■ GOAL OF THE EXERCISE
Without the pictures, write out all the lines below exactly as they appear.

■ PROVIDED RECORDS
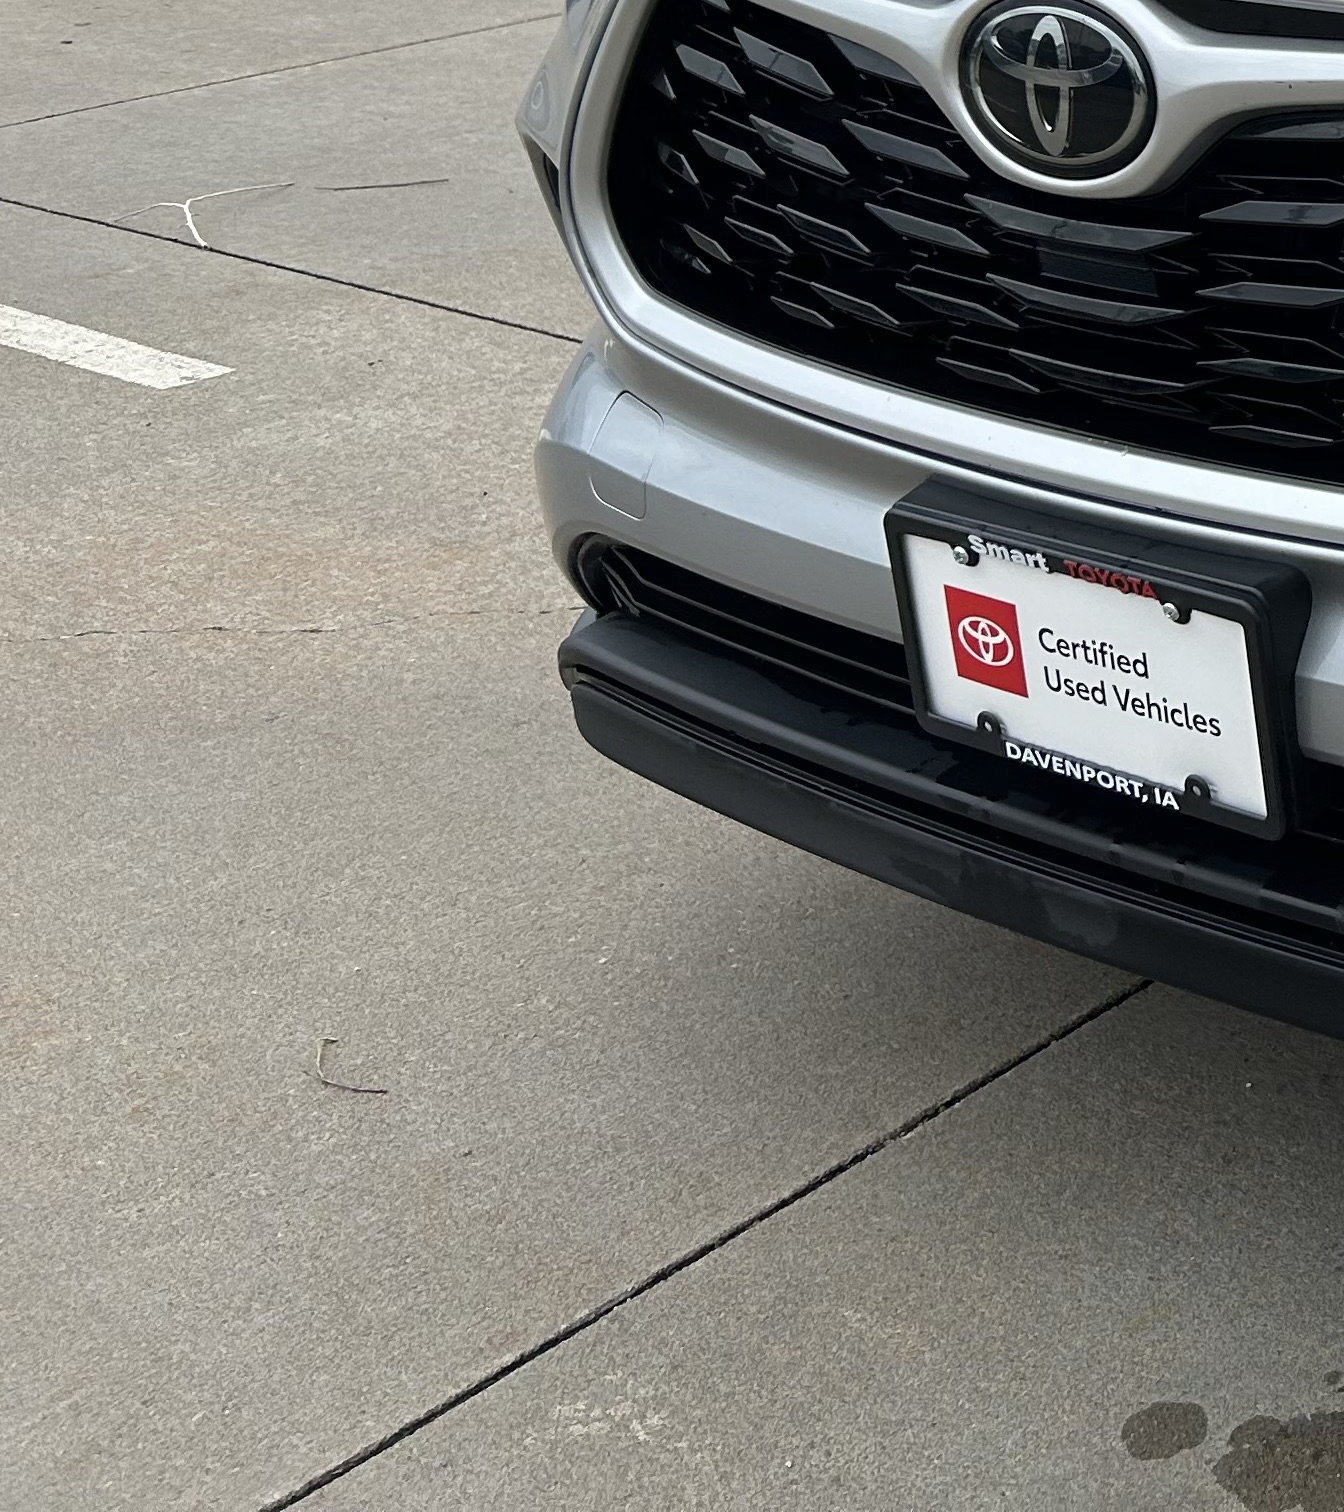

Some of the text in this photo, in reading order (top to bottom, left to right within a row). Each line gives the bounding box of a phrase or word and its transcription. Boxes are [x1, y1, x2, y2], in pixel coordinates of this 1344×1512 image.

[968, 534, 1160, 600] Smart TOYOTA
[1038, 628, 1150, 679] Certified
[1044, 666, 1222, 737] Used Vehicles
[1005, 741, 1180, 810] DAVENPORT, IA
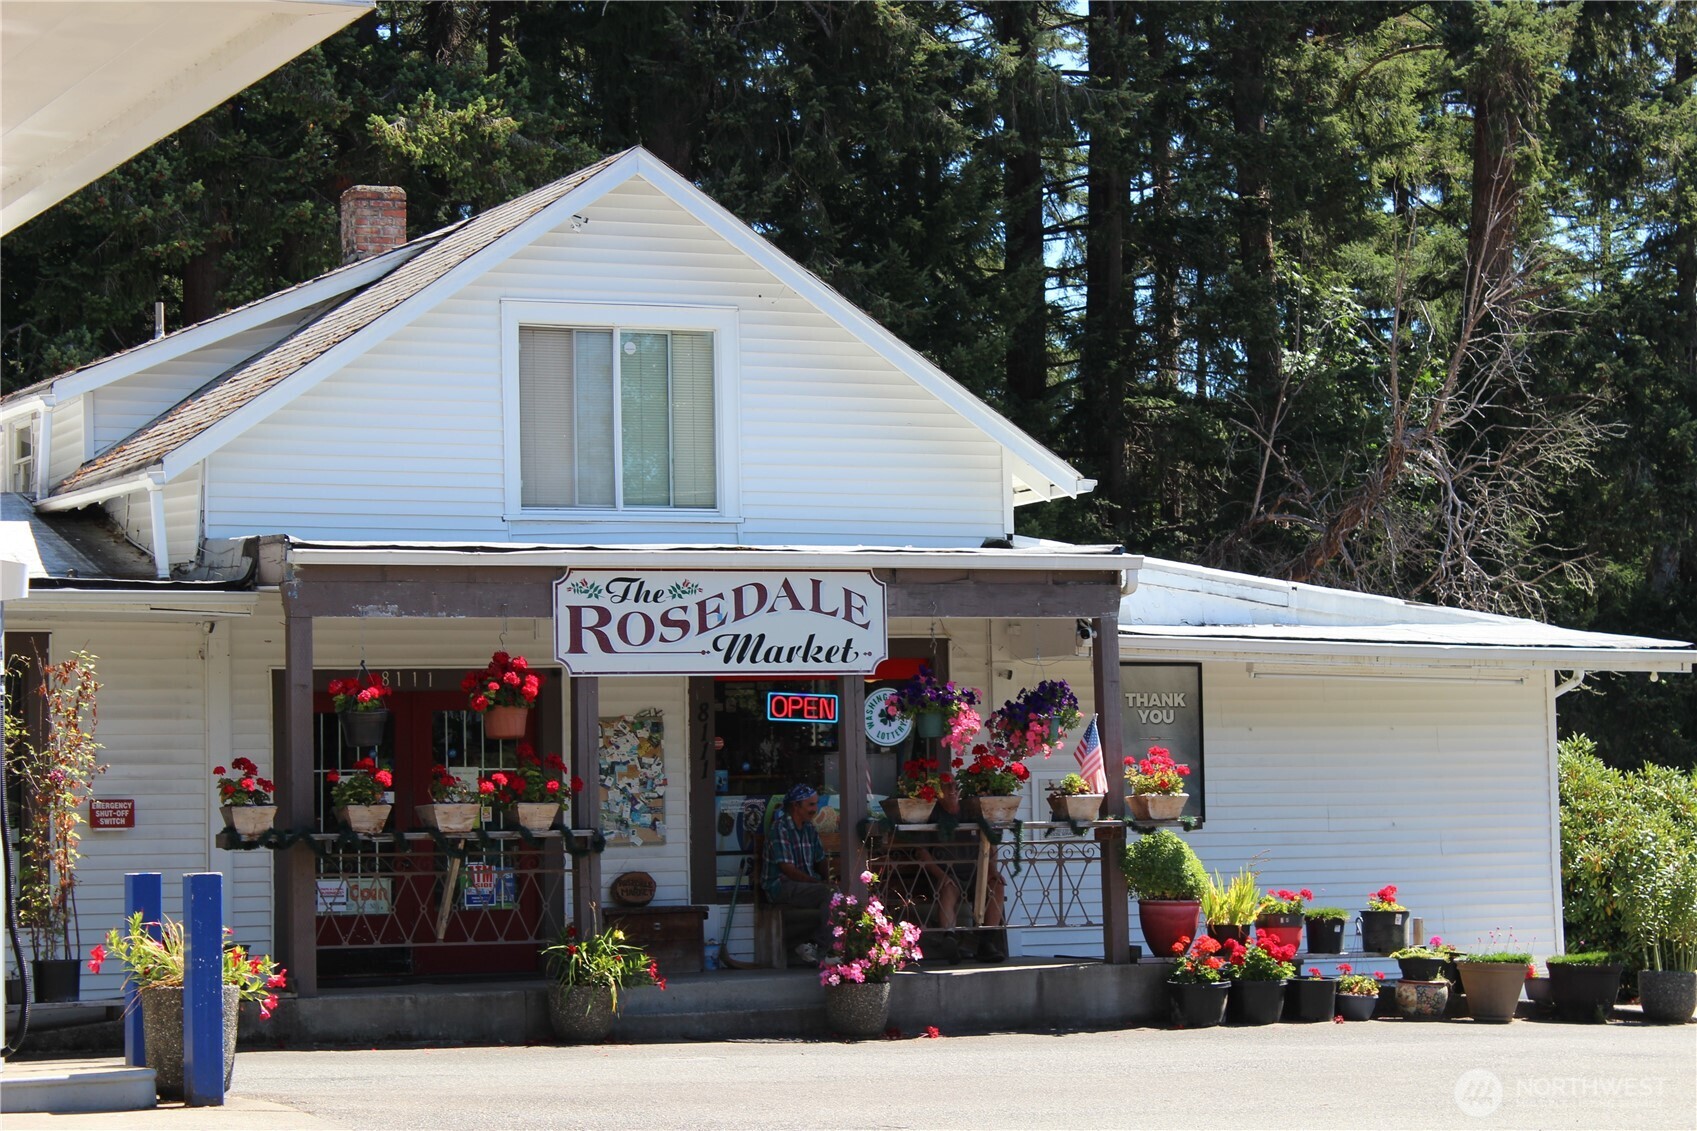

■ RESPONSE FOR THIS EXERCISE
Some of the text in this photo, in reading order (top to bottom, left to right within a row). Each line gives the bounding box of a phrase or word and its transcription. Boxes are [x1, y1, x2, y2], in pixel coordinates of this 1344×1512 image.

[968, 534, 1160, 600] Smart TOYOTA
[1038, 628, 1150, 679] Certified
[1044, 666, 1222, 737] Used Vehicles
[1005, 741, 1180, 810] DAVENPORT, IA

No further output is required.